Work task:
Each entry should be set down exactly as written, except for any picture it holds.

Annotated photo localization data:
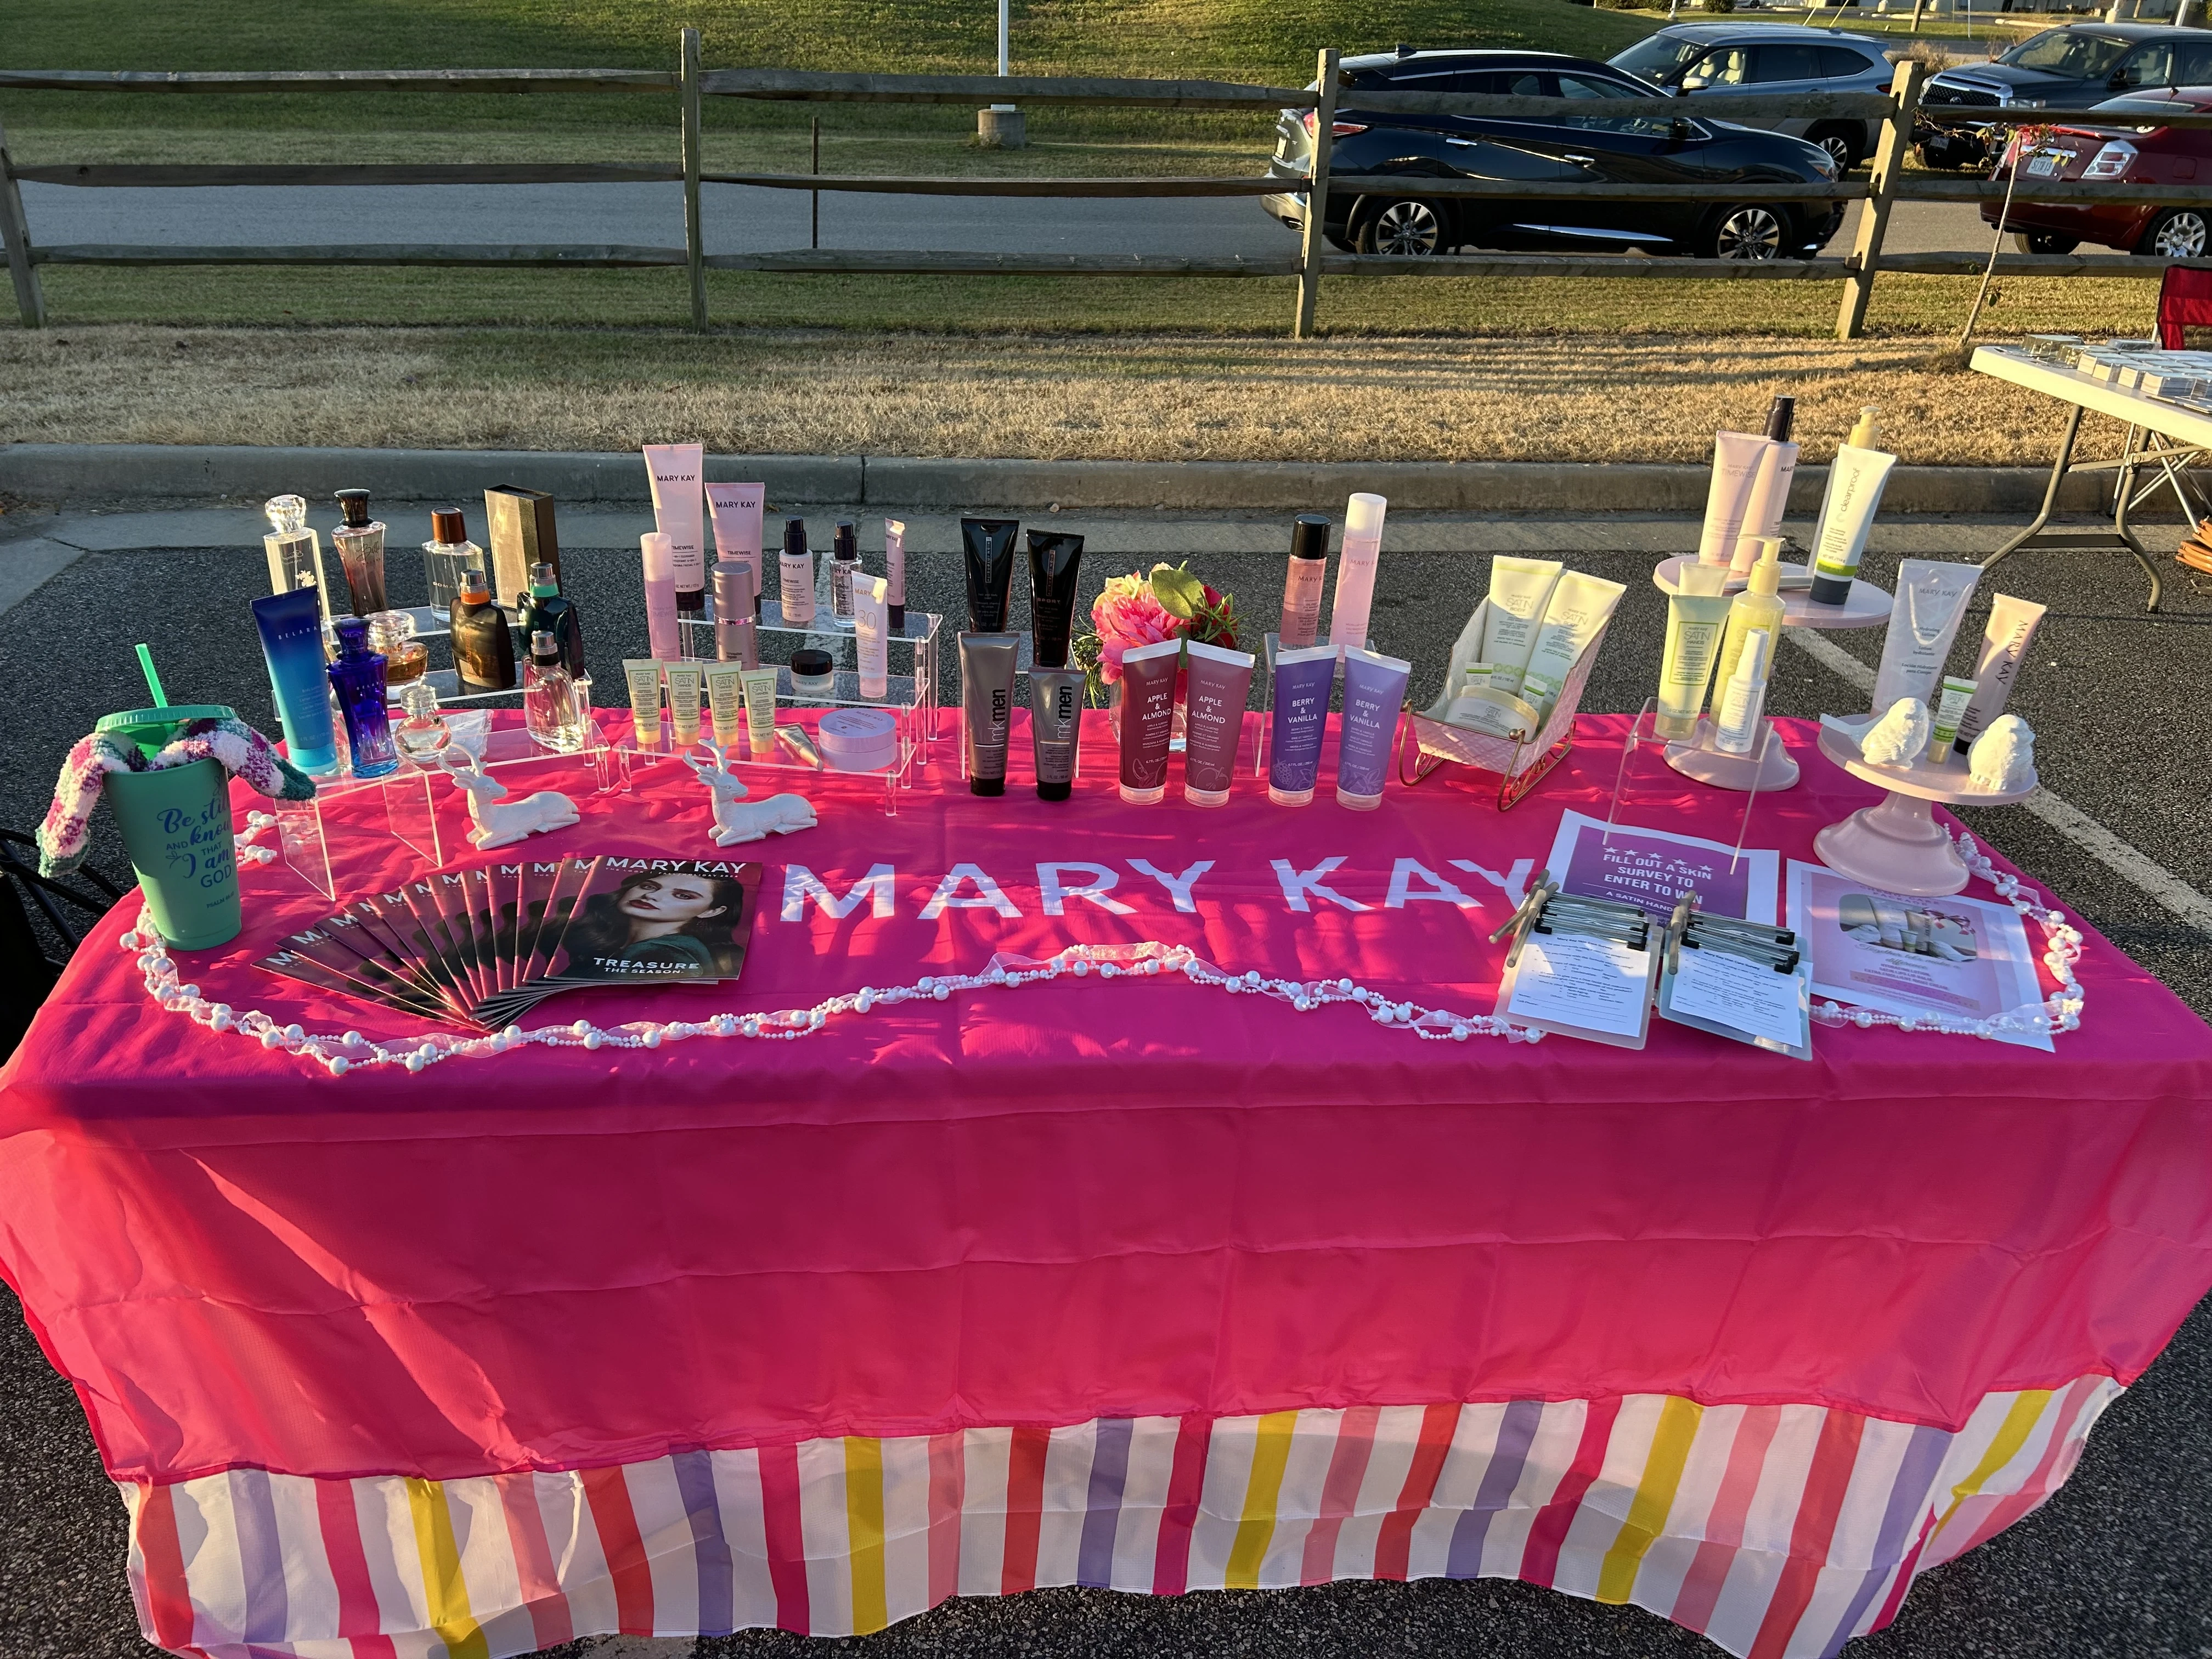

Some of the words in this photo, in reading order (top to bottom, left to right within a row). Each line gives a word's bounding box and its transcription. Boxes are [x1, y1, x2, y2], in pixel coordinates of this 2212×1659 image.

[1722, 468, 1755, 478] TIMEWISE
[1841, 467, 1860, 512] clearproof
[855, 588, 871, 596] MARY
[1505, 597, 1534, 610] SATIN
[858, 610, 876, 630] 30
[1561, 611, 1589, 625] SATIN
[278, 626, 318, 640] BELARA
[1684, 631, 1710, 641] SATIN
[2007, 620, 2029, 658] MARY
[1996, 661, 2013, 685] KAY
[715, 678, 735, 686] SATIN
[1147, 692, 1167, 703] APPLE
[1198, 696, 1222, 707] APPLE
[1292, 697, 1315, 707] BERRY
[1054, 686, 1073, 739] mkmen
[1355, 699, 1380, 712] BERRY
[987, 689, 1006, 742] mkmen
[1142, 708, 1171, 721] ALMOND
[1191, 710, 1226, 724] ALMOND
[1288, 713, 1317, 724] VANILLA
[1350, 714, 1380, 729] VANILLA
[157, 808, 195, 834] Be
[166, 841, 188, 850] AND
[201, 841, 222, 855] THAT
[182, 853, 196, 878] I
[205, 848, 230, 868] am
[606, 857, 688, 871] MARY
[694, 861, 747, 873] KAY
[1603, 854, 1631, 865] FILL
[1635, 857, 1663, 868] OUT
[1679, 867, 1712, 880] SKIN
[200, 865, 232, 888] GOD
[1617, 867, 1672, 882] SURVEY
[1676, 876, 1694, 888] TO
[780, 859, 1216, 922] MARY
[1269, 856, 1534, 912] KAY
[1604, 874, 1649, 890] ENTER
[1654, 883, 1671, 896] TO
[1675, 889, 1703, 904] WN
[206, 898, 225, 909] PSALM
[1615, 893, 1644, 904] SATIN
[1645, 901, 1673, 912] HAND
[1873, 891, 1927, 906] PACKAGE
[594, 958, 700, 969] TREASURE

Output of the exercise:
Some of the words in this photo, in reading order (top to bottom, left to right within a row). Each line gives a word's bounding box and its transcription. Boxes are [x1, y1, x2, y2], in pixel coordinates of this 2212×1659 image.

[1722, 468, 1755, 478] TIMEWISE
[1841, 467, 1860, 512] clearproof
[855, 588, 871, 596] MARY
[1505, 597, 1534, 610] SATIN
[858, 610, 876, 630] 30
[1561, 611, 1589, 625] SATIN
[278, 626, 318, 640] BELARA
[1684, 631, 1710, 641] SATIN
[2007, 620, 2029, 658] MARY
[1996, 661, 2013, 685] KAY
[715, 678, 735, 686] SATIN
[1147, 692, 1167, 703] APPLE
[1198, 696, 1222, 707] APPLE
[1292, 697, 1315, 707] BERRY
[1054, 686, 1073, 739] mkmen
[1355, 699, 1380, 712] BERRY
[987, 689, 1006, 742] mkmen
[1142, 708, 1171, 721] ALMOND
[1191, 710, 1226, 724] ALMOND
[1288, 713, 1317, 724] VANILLA
[1350, 714, 1380, 729] VANILLA
[157, 808, 195, 834] Be
[166, 841, 188, 850] AND
[201, 841, 222, 855] THAT
[182, 853, 196, 878] I
[205, 848, 230, 868] am
[606, 857, 688, 871] MARY
[694, 861, 747, 873] KAY
[1603, 854, 1631, 865] FILL
[1635, 857, 1663, 868] OUT
[1679, 867, 1712, 880] SKIN
[200, 865, 232, 888] GOD
[1617, 867, 1672, 882] SURVEY
[1676, 876, 1694, 888] TO
[780, 859, 1216, 922] MARY
[1269, 856, 1534, 912] KAY
[1604, 874, 1649, 890] ENTER
[1654, 883, 1671, 896] TO
[1675, 889, 1703, 904] WN
[206, 898, 225, 909] PSALM
[1615, 893, 1644, 904] SATIN
[1645, 901, 1673, 912] HAND
[1873, 891, 1927, 906] PACKAGE
[594, 958, 700, 969] TREASURE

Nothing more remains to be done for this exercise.